REQUIREMENT — Please print every record exactly as it stands, leaving out the pictures.

(Items from a data source)
:::::

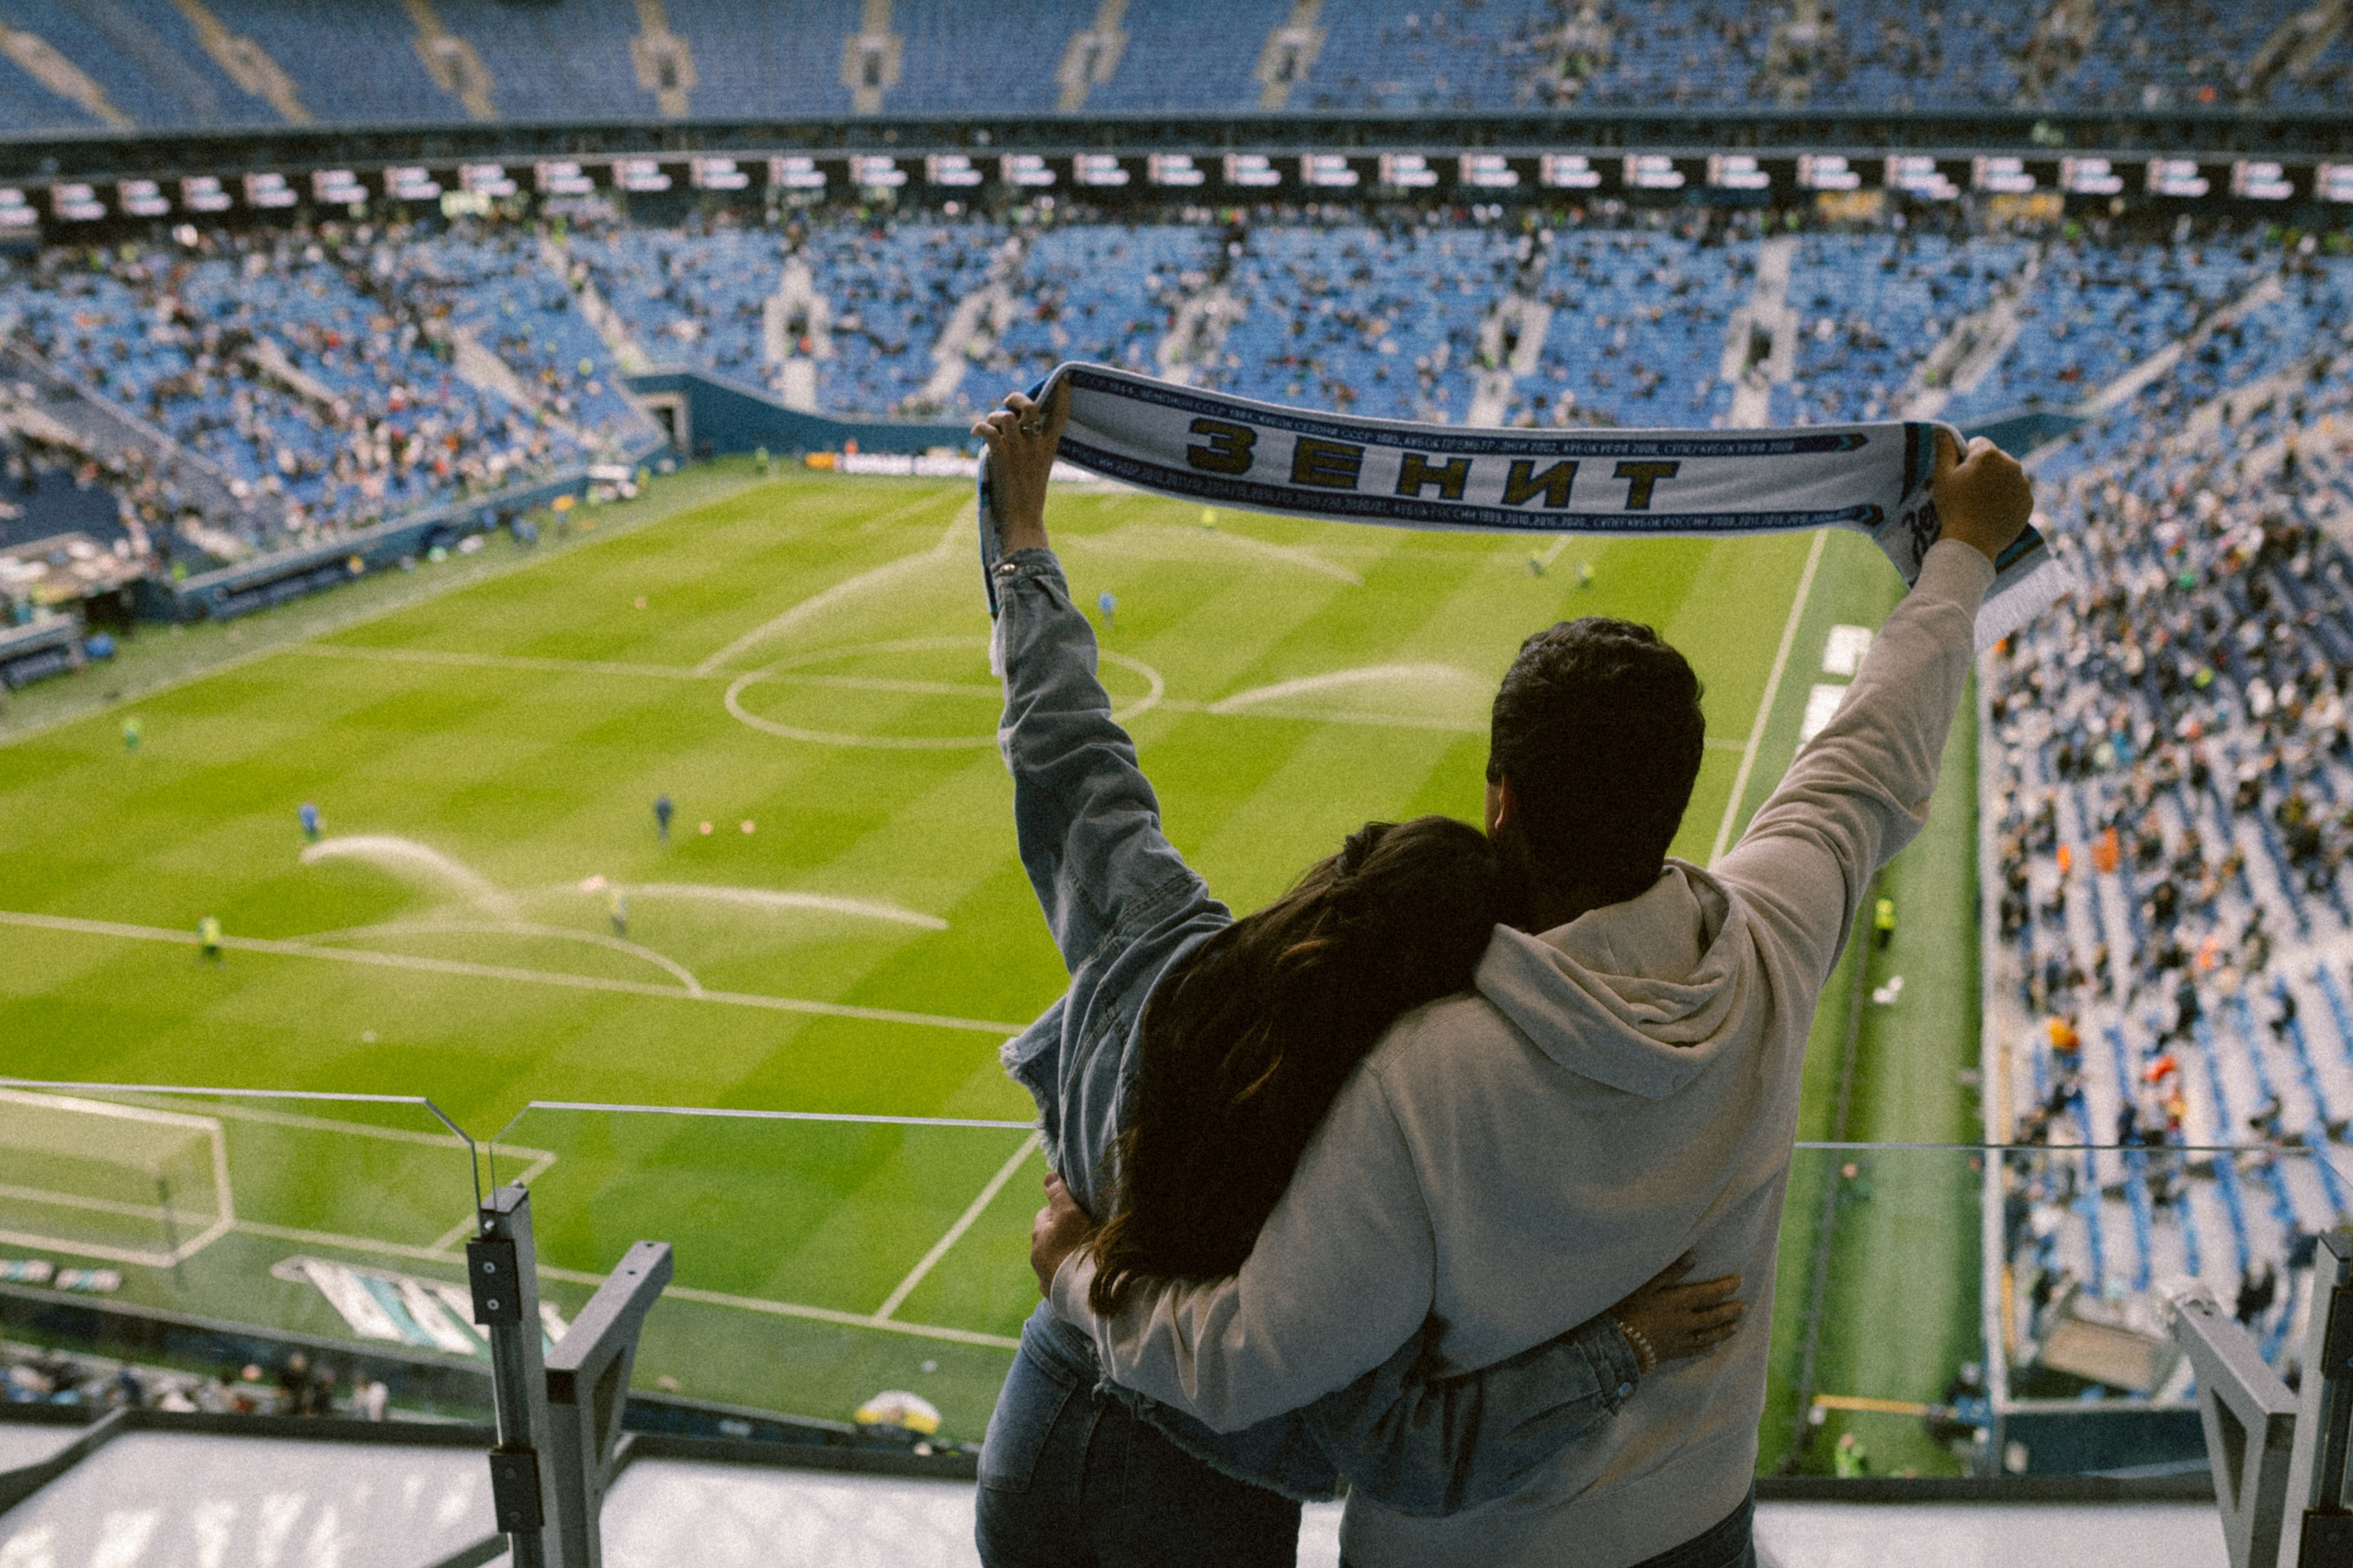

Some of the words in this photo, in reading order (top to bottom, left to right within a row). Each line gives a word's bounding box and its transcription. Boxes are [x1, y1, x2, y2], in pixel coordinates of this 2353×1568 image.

[1194, 401, 1227, 415] СССР
[1340, 428, 1373, 443] СССР
[1403, 437, 1438, 450] КУБОК
[1563, 442, 1597, 454] КУБОК
[1663, 442, 1734, 455] СУПЕРКУБОК
[1187, 418, 1681, 510] ЗЕНИТ
[1592, 517, 1662, 529] СУПЕРКУБОК
[1664, 517, 1709, 528] РОССИИ
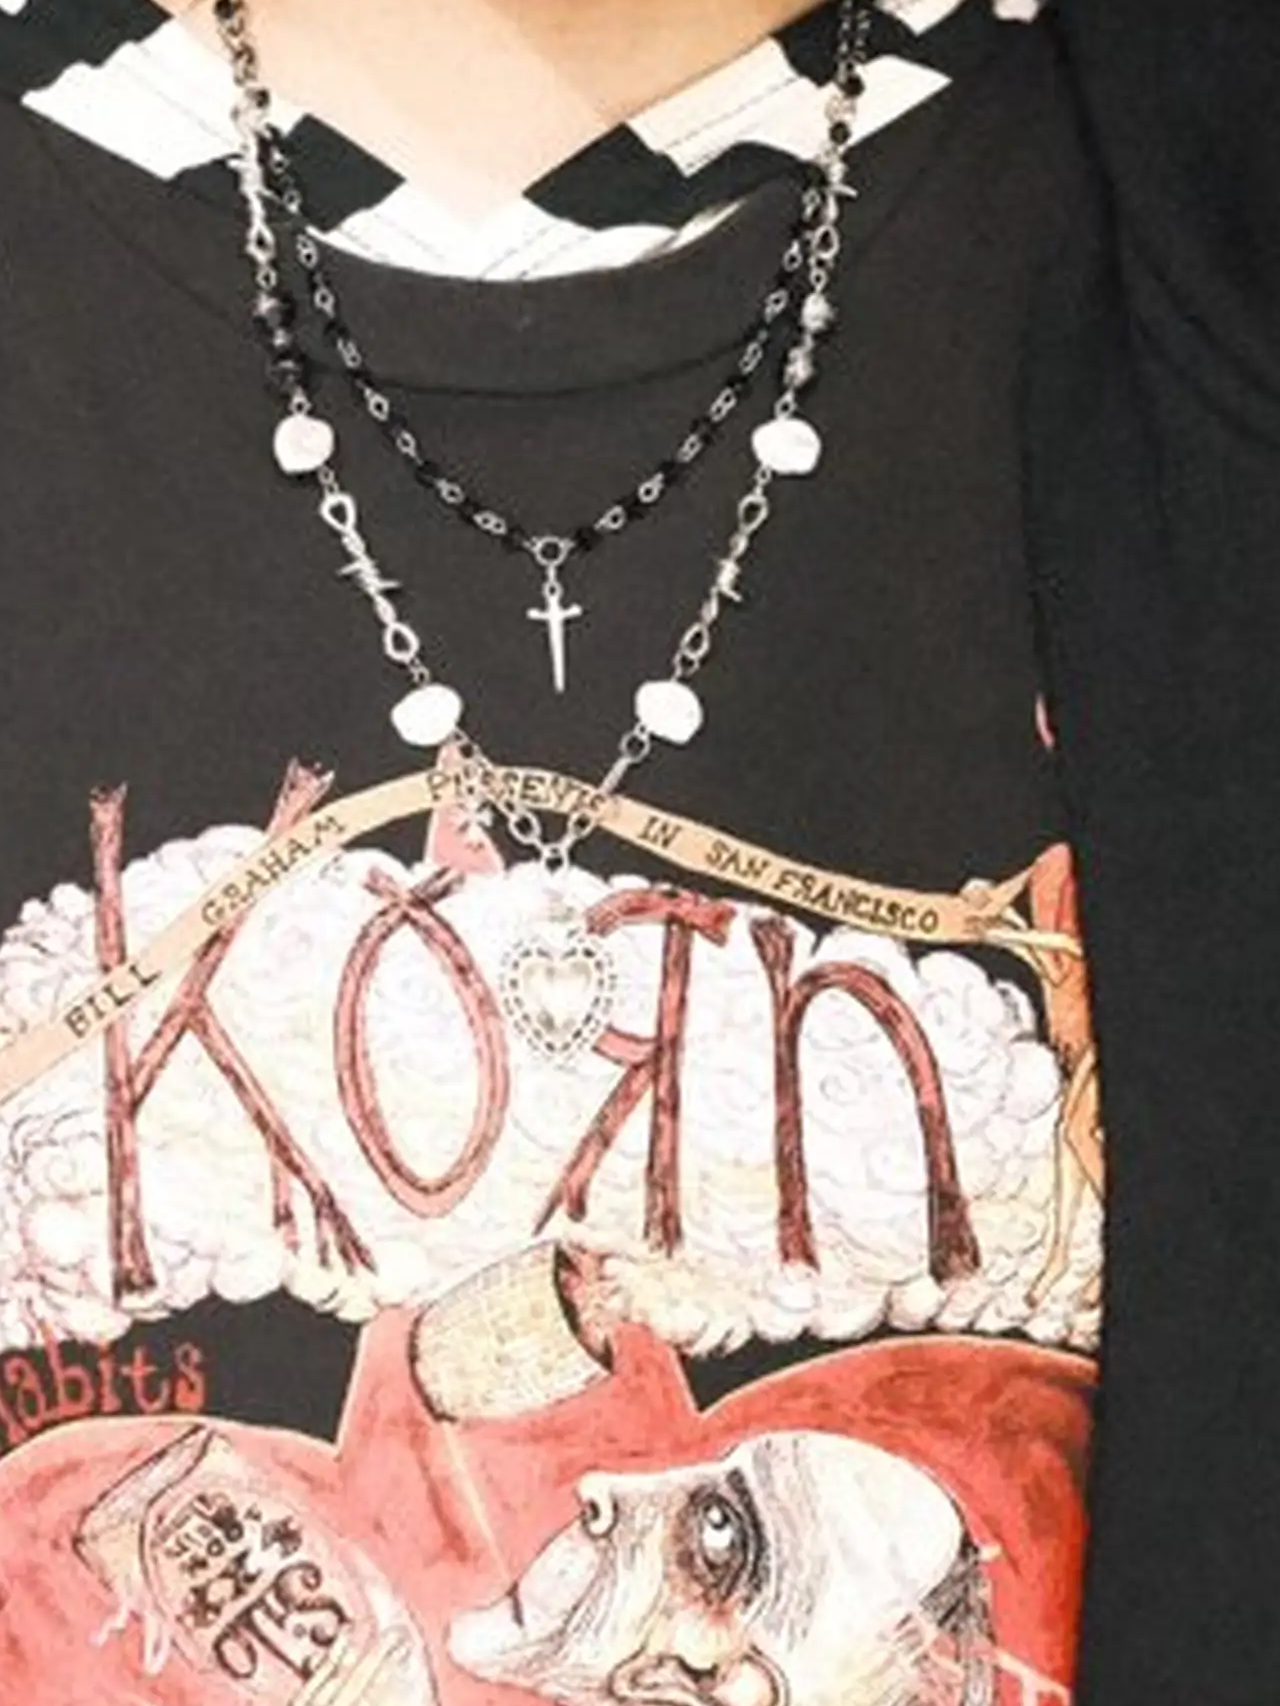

:::::

PROBLEM SOLUTION —
Some of the words in this photo, in reading order (top to bottom, left to right within a row). Each line gives a word's bounding box and its transcription. Boxes are [x1, y1, x2, y2], in pixel coordinates of this 2353×1568 image.

[1194, 401, 1227, 415] СССР
[1340, 428, 1373, 443] СССР
[1403, 437, 1438, 450] КУБОК
[1563, 442, 1597, 454] КУБОК
[1663, 442, 1734, 455] СУПЕРКУБОК
[1187, 418, 1681, 510] ЗЕНИТ
[1592, 517, 1662, 529] СУПЕРКУБОК
[1664, 517, 1709, 528] РОССИИ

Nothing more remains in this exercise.